> **PROVIDED MATERIAL**:
━━━━━━━━━━━━━━━━

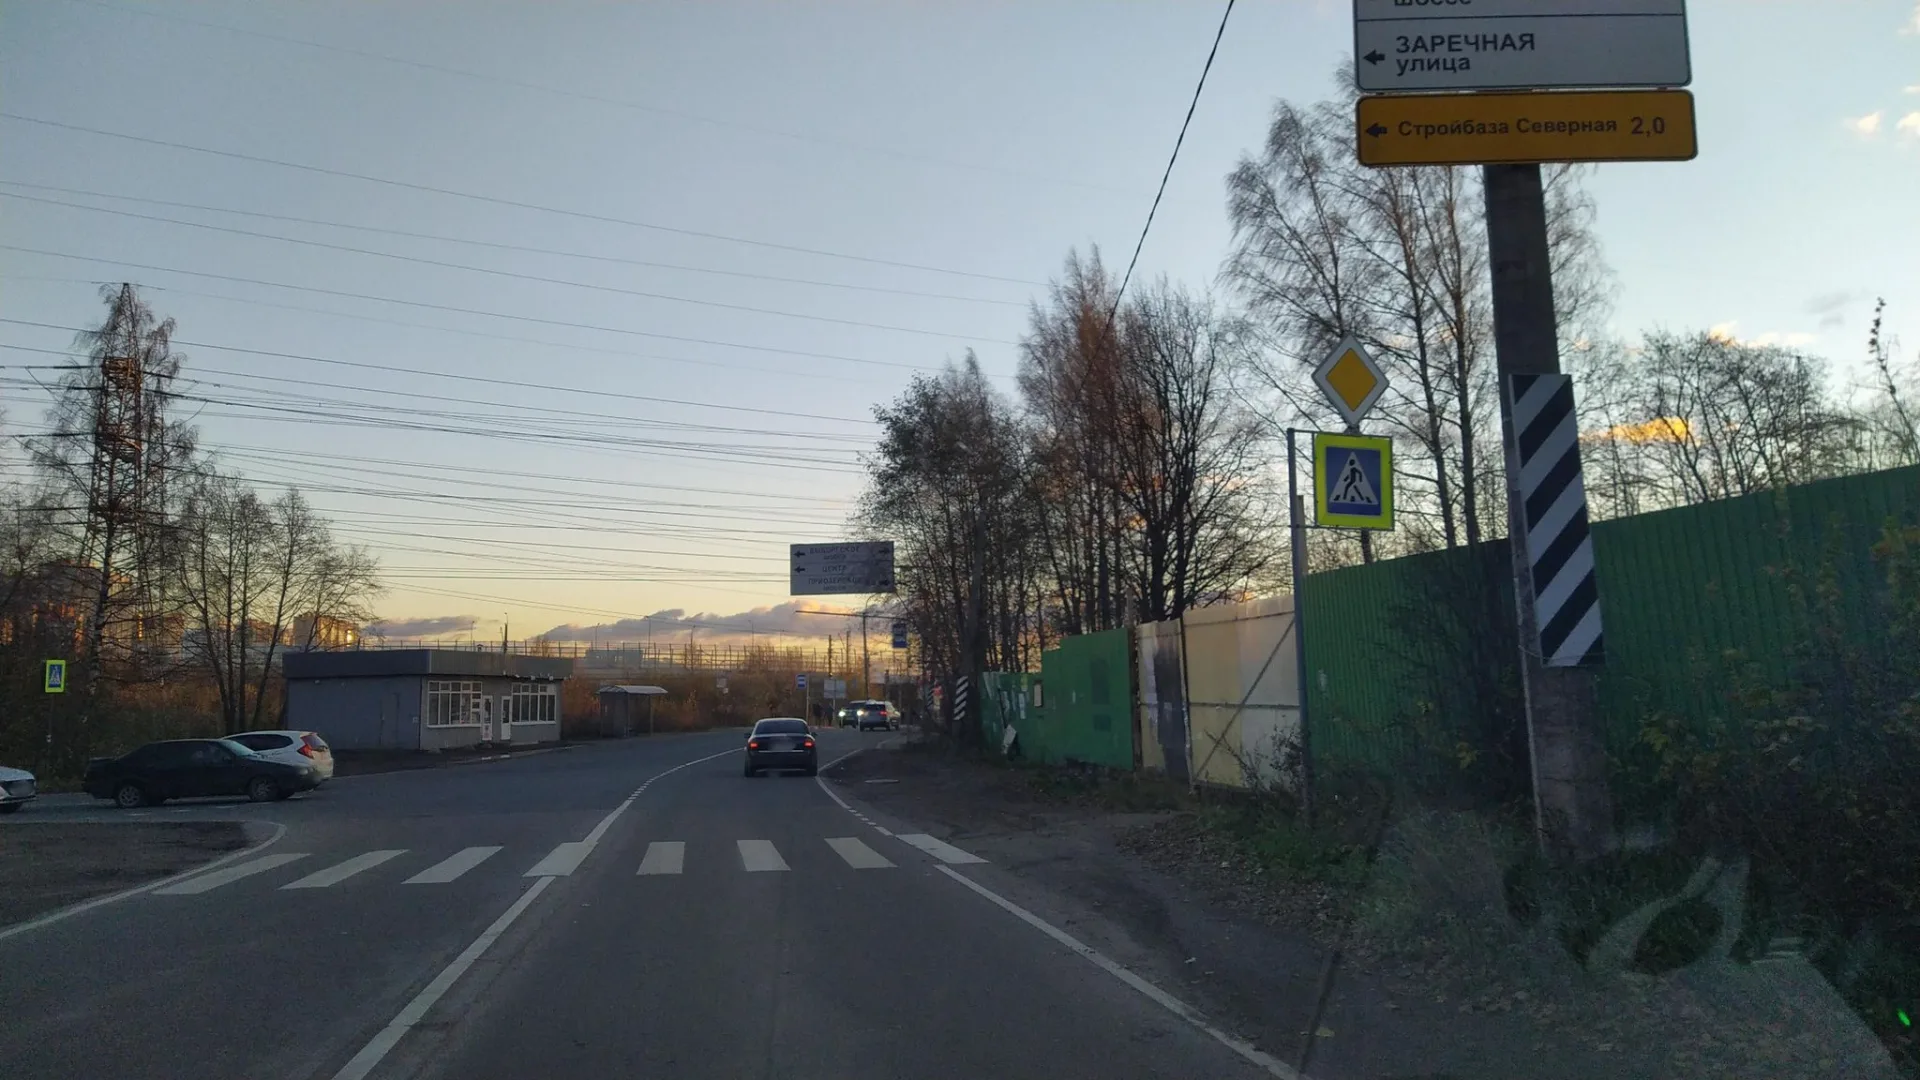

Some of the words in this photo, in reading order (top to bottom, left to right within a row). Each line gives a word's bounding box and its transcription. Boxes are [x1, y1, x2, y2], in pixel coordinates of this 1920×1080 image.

[1396, 33, 1535, 53] ЗАРЕЧНАЯ
[1396, 57, 1471, 77] улица
[1398, 119, 1509, 139] Стройбаза
[1516, 117, 1618, 136] Северная
[1631, 116, 1666, 136] 2,0

━━━━━━━━━━━━━━━━

> **TRY IT**: Only the pictures are to be left out; all other material is to be output exactly.

> **SOLUTION FOR THIS TASK**:
Some of the words in this photo, in reading order (top to bottom, left to right within a row). Each line gives a word's bounding box and its transcription. Boxes are [x1, y1, x2, y2], in pixel coordinates of this 1920×1080 image.

[1396, 33, 1535, 53] ЗАРЕЧНАЯ
[1396, 57, 1471, 77] улица
[1398, 119, 1509, 139] Стройбаза
[1516, 117, 1618, 136] Северная
[1631, 116, 1666, 136] 2,0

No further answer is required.